Les alternatives à l’échelle collective
Les AMAP (Association pour le Maintien de l’Agriculture Paysanne). Quezako ?
D’après la charte nationale des AMAP déposée à l’INPI en mai 2003, une AMAP a pour objectif de « préserver l’existence et la continuité de fermes de proximité dans une logique d’agriculture paysanne, socialement équitable et écologiquement saine, de permettre à des consommateurs d’acheter à un prix juste des produits d’alimentation de qualité en étant informés de leur origine et de la façon dont ils ont été produits. Elle réunit un groupe de consommateurs et un agriculteur de proximité autour d’un contrat dans lequel chaque consommateur achète une part de la production (souvent sous forme de paniers de fruits et légumes) qui lui est livrée périodiquement à un coût constant. »
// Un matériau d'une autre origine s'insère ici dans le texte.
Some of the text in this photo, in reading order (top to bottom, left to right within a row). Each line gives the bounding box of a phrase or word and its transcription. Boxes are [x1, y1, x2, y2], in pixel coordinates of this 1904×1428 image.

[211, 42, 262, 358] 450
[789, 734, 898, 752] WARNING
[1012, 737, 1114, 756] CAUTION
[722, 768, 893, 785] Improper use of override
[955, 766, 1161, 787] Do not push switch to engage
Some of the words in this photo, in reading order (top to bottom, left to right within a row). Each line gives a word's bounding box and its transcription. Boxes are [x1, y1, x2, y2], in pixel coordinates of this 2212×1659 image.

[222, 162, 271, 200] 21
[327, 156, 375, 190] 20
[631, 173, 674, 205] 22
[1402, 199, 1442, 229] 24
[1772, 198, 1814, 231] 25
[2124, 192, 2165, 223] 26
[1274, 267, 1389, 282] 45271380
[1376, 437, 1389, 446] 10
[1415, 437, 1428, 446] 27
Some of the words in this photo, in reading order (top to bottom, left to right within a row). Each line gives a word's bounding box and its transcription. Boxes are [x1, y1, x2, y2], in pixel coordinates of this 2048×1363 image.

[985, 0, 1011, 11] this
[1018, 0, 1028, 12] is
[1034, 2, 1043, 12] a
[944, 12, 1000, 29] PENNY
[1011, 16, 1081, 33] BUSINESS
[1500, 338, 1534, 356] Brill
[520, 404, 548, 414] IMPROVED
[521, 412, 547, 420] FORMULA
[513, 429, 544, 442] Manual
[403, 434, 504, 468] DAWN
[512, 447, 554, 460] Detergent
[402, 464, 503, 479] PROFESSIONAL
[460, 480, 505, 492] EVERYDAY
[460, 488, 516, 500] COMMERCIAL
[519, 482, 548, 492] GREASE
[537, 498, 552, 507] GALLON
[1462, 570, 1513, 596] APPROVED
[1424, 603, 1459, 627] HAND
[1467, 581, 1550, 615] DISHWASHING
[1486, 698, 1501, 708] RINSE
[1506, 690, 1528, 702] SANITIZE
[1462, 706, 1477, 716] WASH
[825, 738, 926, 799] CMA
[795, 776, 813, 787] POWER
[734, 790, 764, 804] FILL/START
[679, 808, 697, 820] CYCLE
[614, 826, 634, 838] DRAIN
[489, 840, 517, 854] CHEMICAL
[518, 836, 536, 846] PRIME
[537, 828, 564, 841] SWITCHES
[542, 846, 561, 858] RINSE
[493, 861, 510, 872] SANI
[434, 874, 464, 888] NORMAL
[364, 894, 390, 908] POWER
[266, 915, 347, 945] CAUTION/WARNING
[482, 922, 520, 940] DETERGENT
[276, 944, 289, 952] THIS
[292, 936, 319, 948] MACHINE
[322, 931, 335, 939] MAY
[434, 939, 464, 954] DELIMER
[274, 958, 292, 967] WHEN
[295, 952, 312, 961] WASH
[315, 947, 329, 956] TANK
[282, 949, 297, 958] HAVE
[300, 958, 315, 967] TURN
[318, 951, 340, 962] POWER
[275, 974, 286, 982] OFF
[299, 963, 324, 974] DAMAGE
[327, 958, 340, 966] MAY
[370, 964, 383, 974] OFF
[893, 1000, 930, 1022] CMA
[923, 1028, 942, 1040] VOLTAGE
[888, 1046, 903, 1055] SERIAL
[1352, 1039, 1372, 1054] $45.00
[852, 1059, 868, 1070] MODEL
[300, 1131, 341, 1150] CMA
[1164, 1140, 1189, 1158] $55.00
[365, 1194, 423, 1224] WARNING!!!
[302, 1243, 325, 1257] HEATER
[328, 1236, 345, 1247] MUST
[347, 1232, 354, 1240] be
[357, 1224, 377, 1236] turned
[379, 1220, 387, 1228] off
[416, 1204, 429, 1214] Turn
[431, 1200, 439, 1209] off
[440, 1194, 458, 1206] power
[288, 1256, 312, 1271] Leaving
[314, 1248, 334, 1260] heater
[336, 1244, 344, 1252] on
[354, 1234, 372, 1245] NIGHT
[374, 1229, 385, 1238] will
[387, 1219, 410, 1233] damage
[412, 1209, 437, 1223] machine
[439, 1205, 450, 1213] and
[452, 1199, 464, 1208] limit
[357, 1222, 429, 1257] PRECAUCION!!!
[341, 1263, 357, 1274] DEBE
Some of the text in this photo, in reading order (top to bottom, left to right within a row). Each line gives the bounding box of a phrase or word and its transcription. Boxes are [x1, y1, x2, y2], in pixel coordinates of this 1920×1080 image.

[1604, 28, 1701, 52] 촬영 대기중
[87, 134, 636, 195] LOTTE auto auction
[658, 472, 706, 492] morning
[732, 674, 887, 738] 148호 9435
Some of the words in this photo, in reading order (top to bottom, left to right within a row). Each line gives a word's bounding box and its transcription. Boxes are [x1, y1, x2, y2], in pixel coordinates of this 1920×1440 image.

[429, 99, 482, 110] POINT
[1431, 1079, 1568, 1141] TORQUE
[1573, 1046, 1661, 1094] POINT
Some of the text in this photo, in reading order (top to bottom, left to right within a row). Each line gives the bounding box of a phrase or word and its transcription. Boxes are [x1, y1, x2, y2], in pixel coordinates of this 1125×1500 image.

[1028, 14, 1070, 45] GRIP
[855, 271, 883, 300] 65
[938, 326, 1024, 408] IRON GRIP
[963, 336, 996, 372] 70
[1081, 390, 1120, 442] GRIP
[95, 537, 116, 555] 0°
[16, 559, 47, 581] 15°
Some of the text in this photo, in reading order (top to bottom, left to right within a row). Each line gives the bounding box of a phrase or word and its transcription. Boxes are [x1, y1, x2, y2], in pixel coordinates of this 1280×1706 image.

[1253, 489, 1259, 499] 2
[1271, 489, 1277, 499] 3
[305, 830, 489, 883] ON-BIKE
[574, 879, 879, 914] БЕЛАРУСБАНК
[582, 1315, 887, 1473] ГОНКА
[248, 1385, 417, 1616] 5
L’agriculture urbaine, toi toi mon toit
L’association Les Incroyables Comestibles permet à des citoyens de se retrouver autour d’un projet collectif de jardin partagé en ville. L’idée ? « Planter partout là où c’est possible et mettre les récoltes en partage ». En ce sens, de plus en plus d’entreprises voient fleurir des potagers sur leurs toits. Au-delà de leur rôle pédagogique, ces collectifs permettent aux citoyens urbains de se réapproprier la phase de production de l’alimentation, d’avoir accès à des produits locaux et de reconnecter avec la réalité de la production agricole.
La cantine, c’est bio !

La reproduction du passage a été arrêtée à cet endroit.